I recently presented to 30 ‘conventional’ cropping operators. One topic raised was, “who wants to see their kids take over the farm?” The resounding response was…a long silence. Then into the void a farmer spoke up, “I’m sick of this stress, of the debt, and the increasing inputs. Why would I want to hand this over to my kids?” Times like these make me reflect on the profound positive difference regenerative land systems can make in people’s lives. We’re not just talking soil, we’re talking about a revolution that impacts on every aspect of rural life. And its time is now.

If you put all of these pieces together, the Green Revolution has not delivered on its promises to producers. It is however delivering for the banks, supply and chemical companies; they come out laughing whichever way the dice land. The FAO (Food and Agriculture Organisation) is certain that modern farming has increased the risks for food producers, with market volatility and increasing climactic unpredictability. And farming is a risky business. Nature is fickle mistress; as all who work on the land know. How to mitigate risk is the greatest challenge for producers today.
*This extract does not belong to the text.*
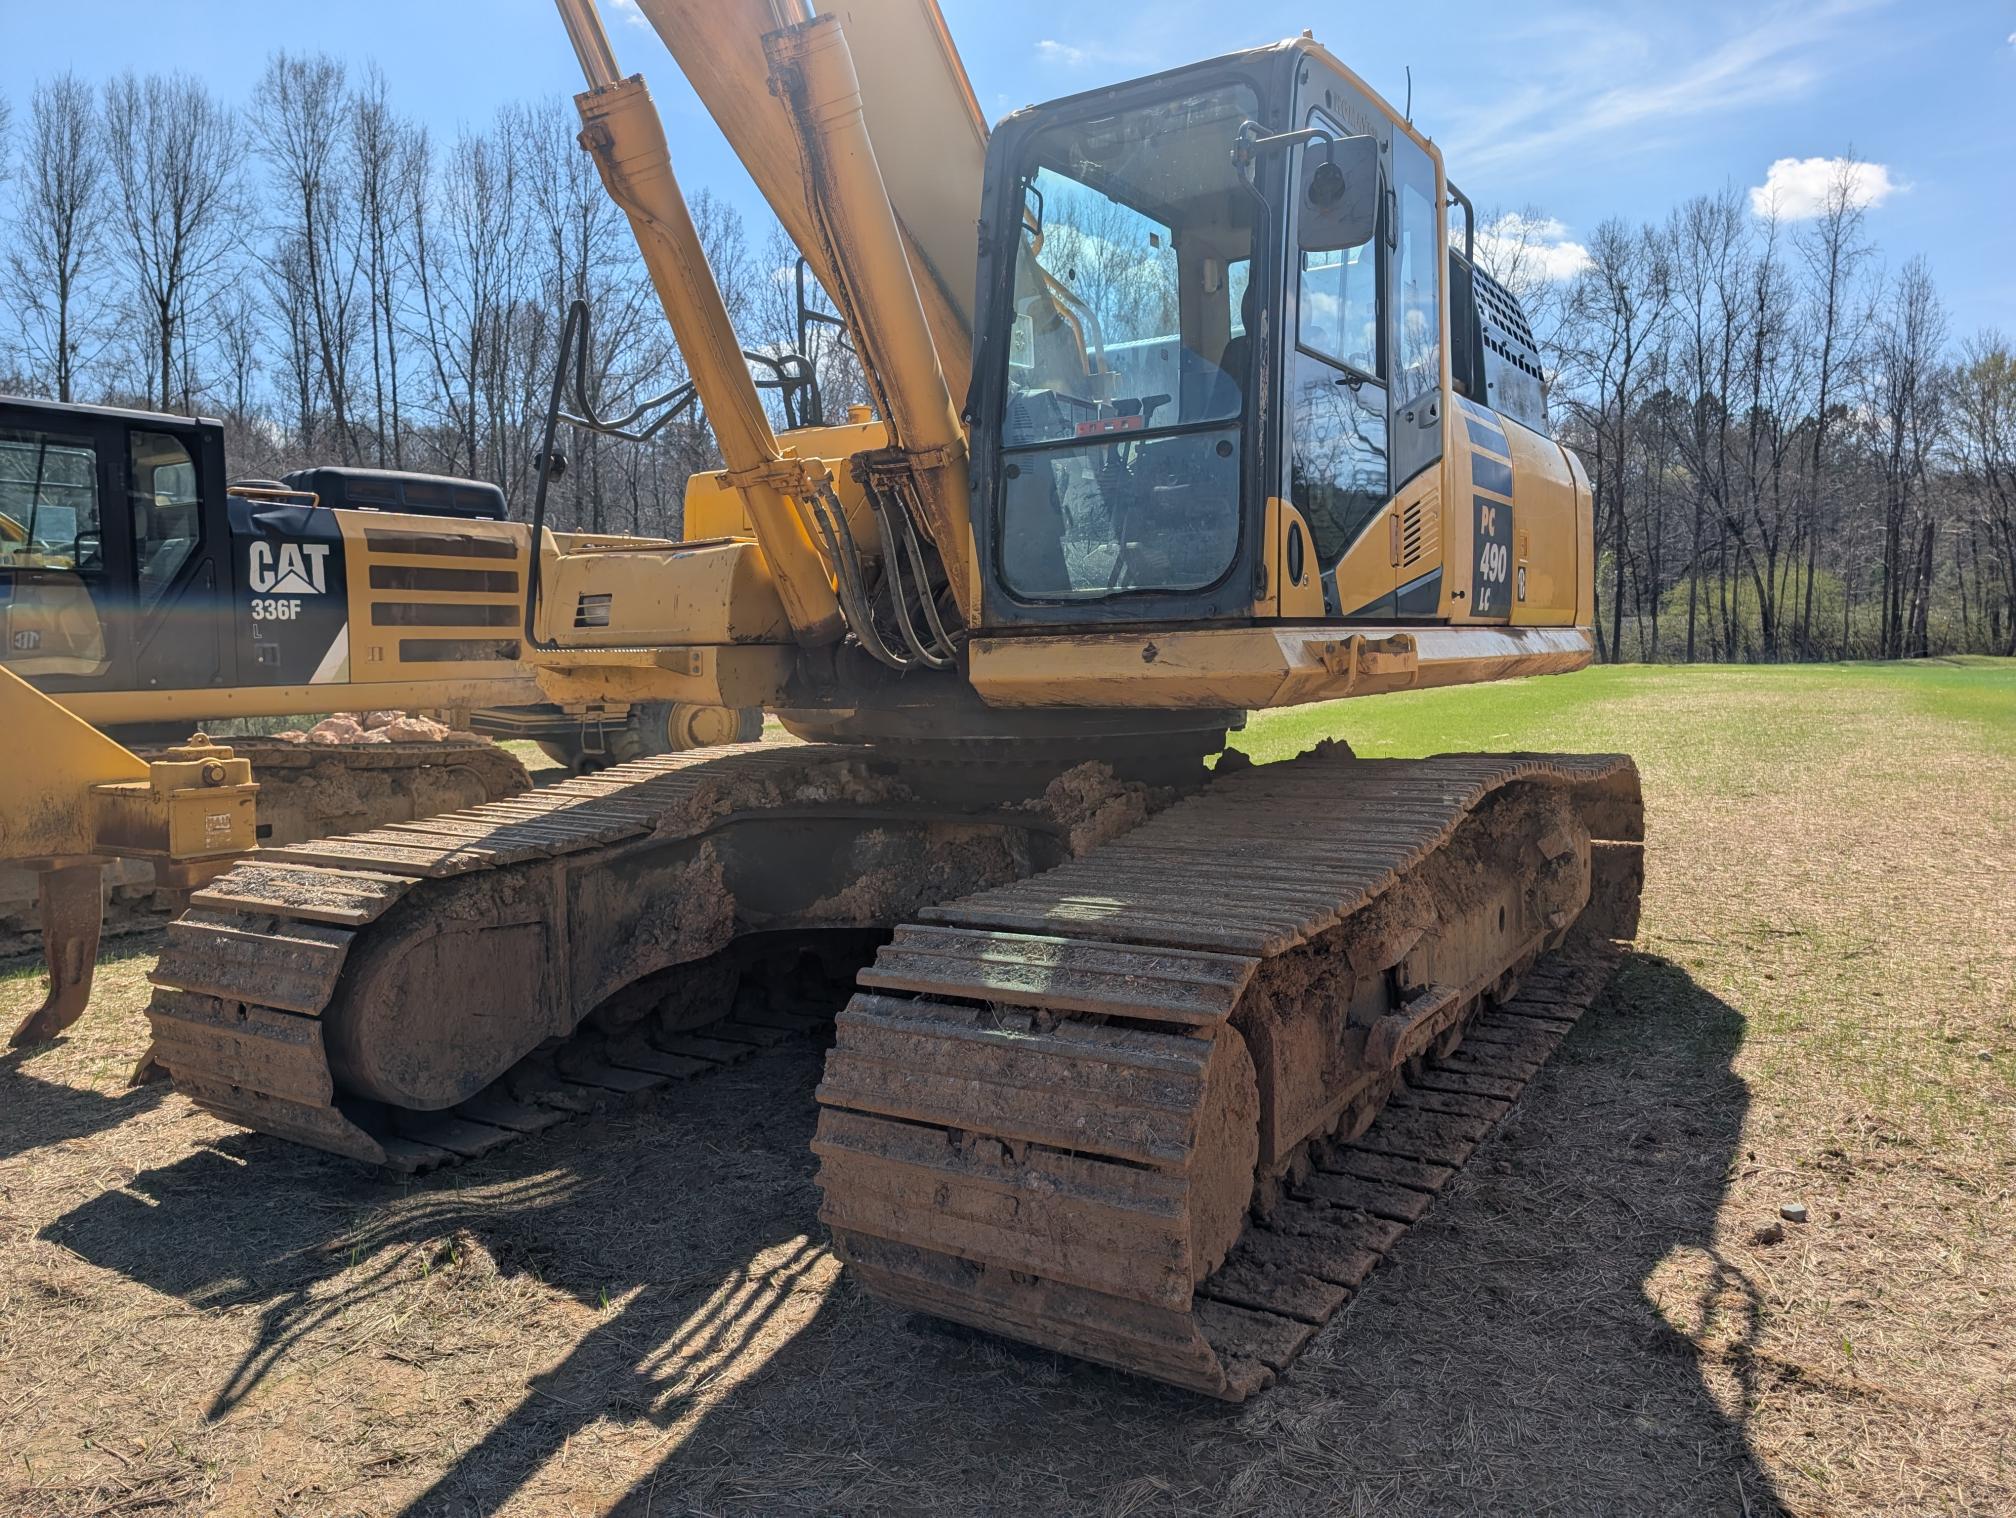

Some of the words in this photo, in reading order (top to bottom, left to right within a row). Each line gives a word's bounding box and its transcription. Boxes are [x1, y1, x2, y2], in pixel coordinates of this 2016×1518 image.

I once had the privilege to hear a powerful presentation by soil scientist Dr Daniel Hillel. In 2012 he received the World Food Prize for developing a method termed “micro-irrigation agriculture” which increases water efficiencies in arid climates. He shared his story of camping with Bedouin in the Arab desert, he overheard an elder asking his students what 1+1 equals. Their answers were more varied than the stock standard “2” that western children are raised to answer. One child replied thoughtfully; “well, if it’s one nanny goat and one billy, then 1 plus 1 could be 3 or 4”.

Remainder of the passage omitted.